# Exercise objective
Copy out the listing that follows, exact in every word, and skip the images.

# Data under study
/---

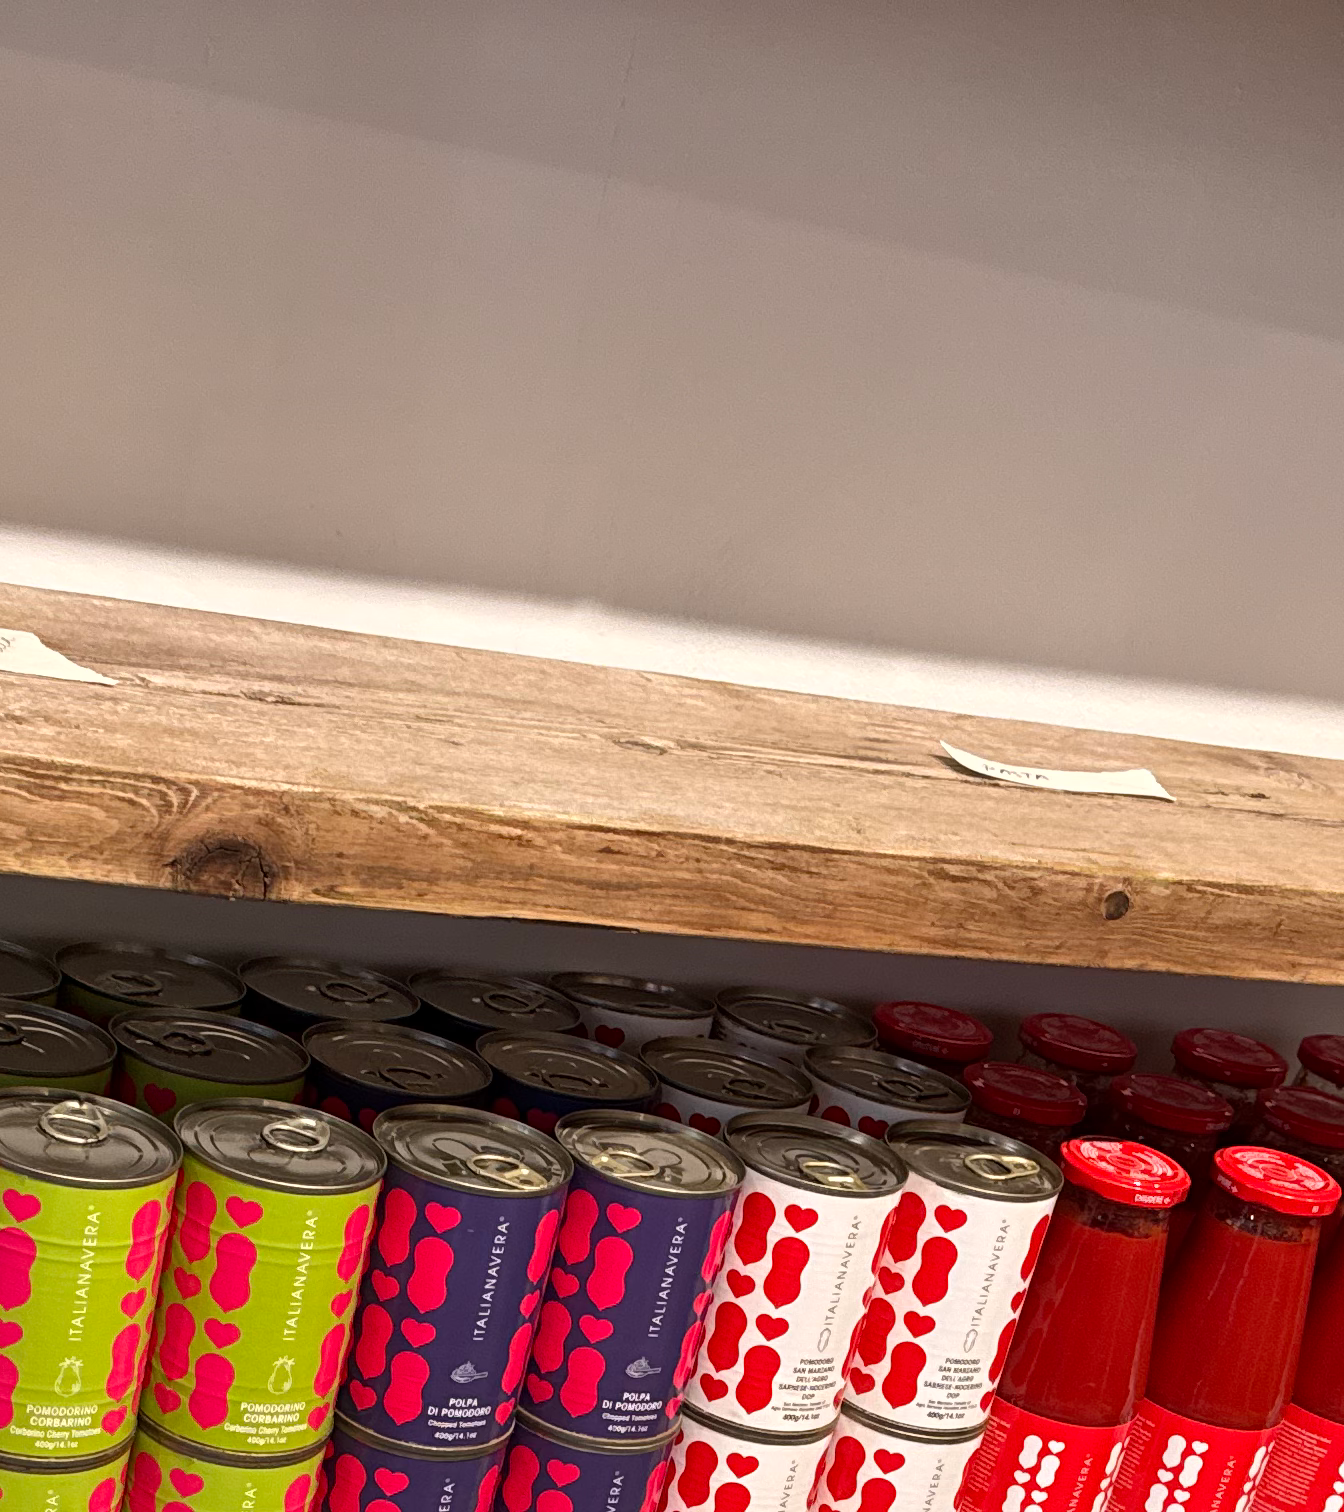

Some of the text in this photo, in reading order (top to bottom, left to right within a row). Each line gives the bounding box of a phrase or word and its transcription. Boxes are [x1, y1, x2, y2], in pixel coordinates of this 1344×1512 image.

[473, 1221, 511, 1341] ITALIANAVERA
[648, 1222, 688, 1338] ITALIANAVERA
[449, 1398, 477, 1407] POLPA
[623, 1393, 650, 1401] POLPA
[26, 1404, 98, 1416] POMODORINO
[240, 1402, 306, 1413] POMODORINO
[602, 1401, 662, 1411] DI POMODORO
[244, 1412, 299, 1423] CORBARINO
[428, 1406, 491, 1418] DI POMODORO
[30, 1416, 92, 1426] CORBARINO
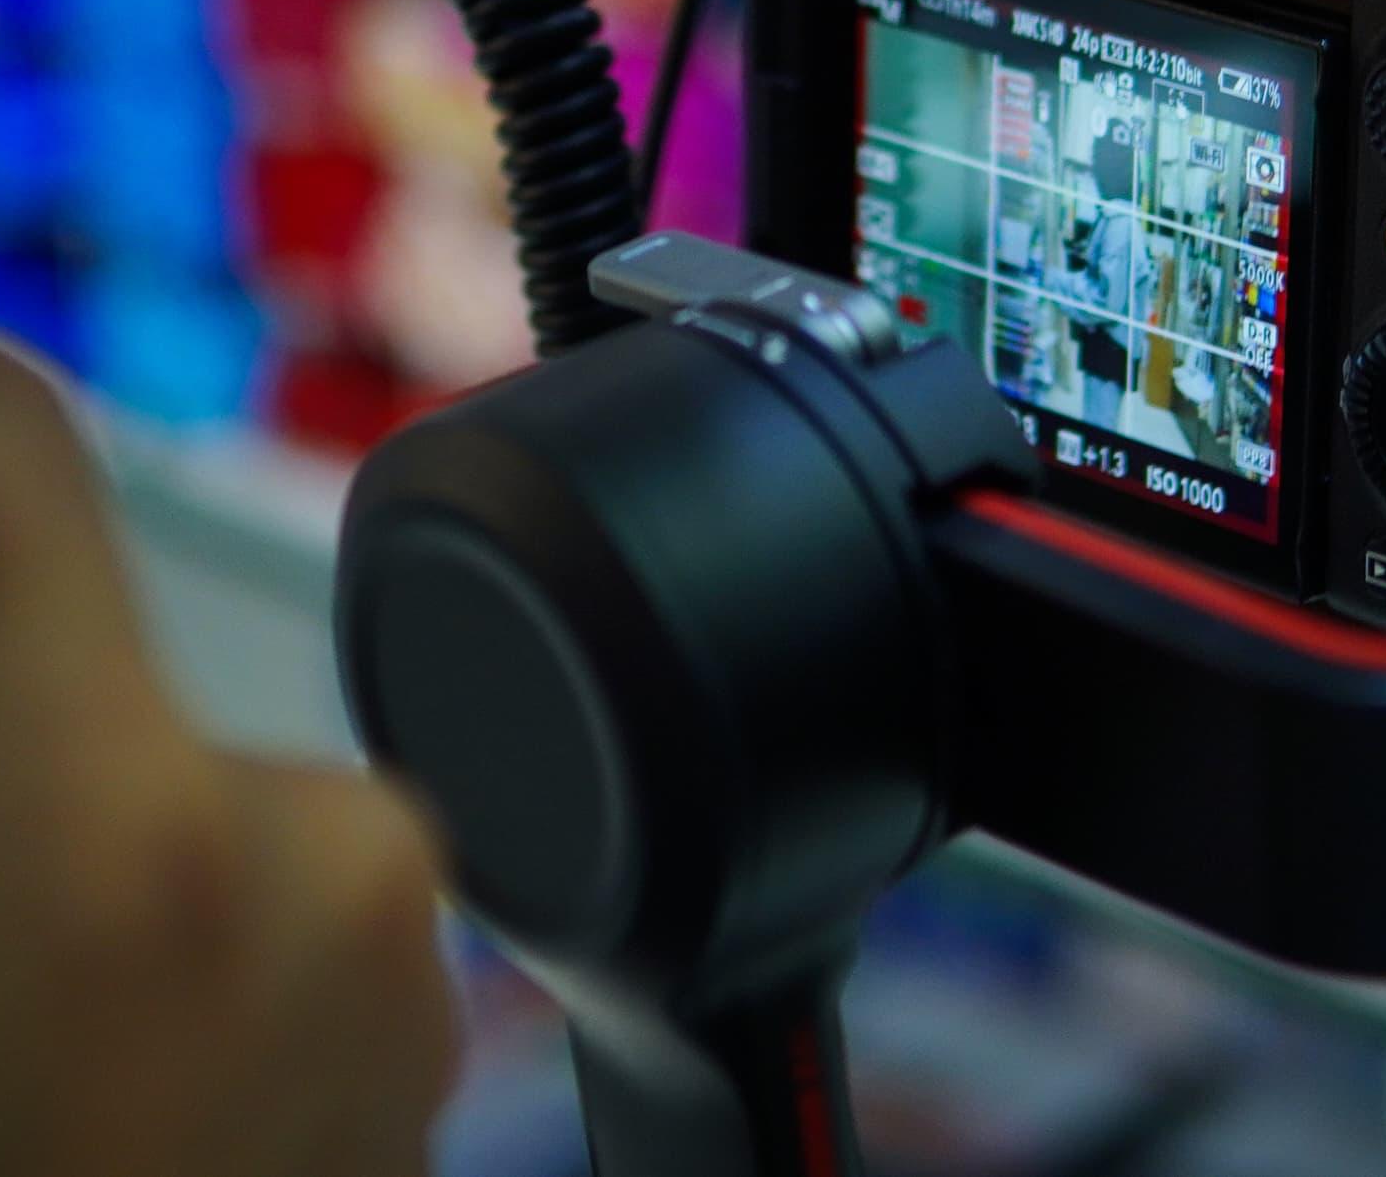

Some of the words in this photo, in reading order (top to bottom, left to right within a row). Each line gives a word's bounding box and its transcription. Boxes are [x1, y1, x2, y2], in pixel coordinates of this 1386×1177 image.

[1072, 25, 1100, 59] 24p
[1252, 77, 1281, 110] 37%
[1194, 142, 1222, 166] Wi-Fi
[1239, 260, 1285, 292] 5000K
[1245, 348, 1273, 375] OFF
[1146, 465, 1177, 497] ISO
[1180, 471, 1226, 515] 1000
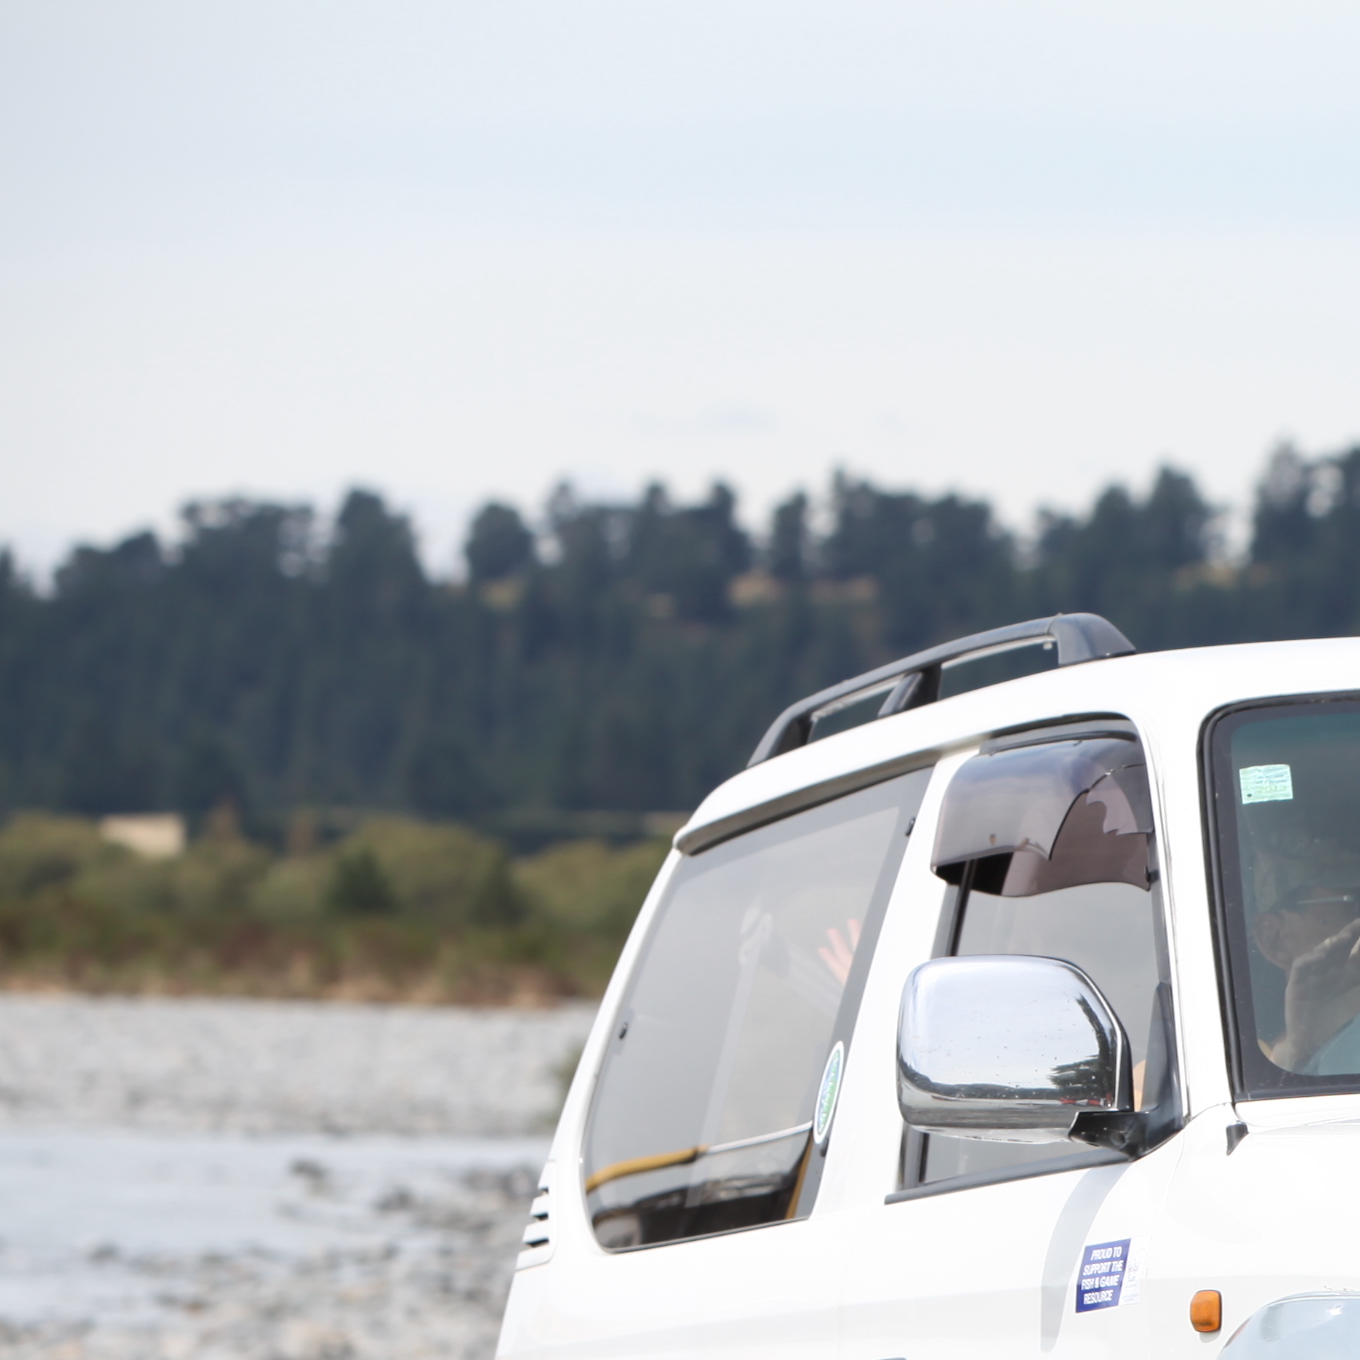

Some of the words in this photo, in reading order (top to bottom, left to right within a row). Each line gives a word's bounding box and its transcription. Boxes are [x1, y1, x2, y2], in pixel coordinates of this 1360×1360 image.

[1090, 1249, 1112, 1260] PROUD
[1112, 1246, 1122, 1258] TO
[1083, 1262, 1111, 1276] SUPPORT
[1111, 1260, 1124, 1272] THE
[1081, 1277, 1094, 1290] FISH
[1099, 1275, 1120, 1288] GAME
[1083, 1289, 1114, 1304] RESOURCE

\---

# Solved problem
Some of the text in this photo, in reading order (top to bottom, left to right within a row). Each line gives the bounding box of a phrase or word and its transcription. Boxes are [x1, y1, x2, y2], in pixel coordinates of this 1344×1512 image.

[473, 1221, 511, 1341] ITALIANAVERA
[648, 1222, 688, 1338] ITALIANAVERA
[449, 1398, 477, 1407] POLPA
[623, 1393, 650, 1401] POLPA
[26, 1404, 98, 1416] POMODORINO
[240, 1402, 306, 1413] POMODORINO
[602, 1401, 662, 1411] DI POMODORO
[244, 1412, 299, 1423] CORBARINO
[428, 1406, 491, 1418] DI POMODORO
[30, 1416, 92, 1426] CORBARINO

Some of the words in this photo, in reading order (top to bottom, left to right within a row). Each line gives a word's bounding box and its transcription. Boxes are [x1, y1, x2, y2], in pixel coordinates of this 1386×1177 image.

[1072, 25, 1100, 59] 24p
[1252, 77, 1281, 110] 37%
[1194, 142, 1222, 166] Wi-Fi
[1239, 260, 1285, 292] 5000K
[1245, 348, 1273, 375] OFF
[1146, 465, 1177, 497] ISO
[1180, 471, 1226, 515] 1000

Some of the words in this photo, in reading order (top to bottom, left to right within a row). Each line gives a word's bounding box and its transcription. Boxes are [x1, y1, x2, y2], in pixel coordinates of this 1360×1360 image.

[1090, 1249, 1112, 1260] PROUD
[1112, 1246, 1122, 1258] TO
[1083, 1262, 1111, 1276] SUPPORT
[1111, 1260, 1124, 1272] THE
[1081, 1277, 1094, 1290] FISH
[1099, 1275, 1120, 1288] GAME
[1083, 1289, 1114, 1304] RESOURCE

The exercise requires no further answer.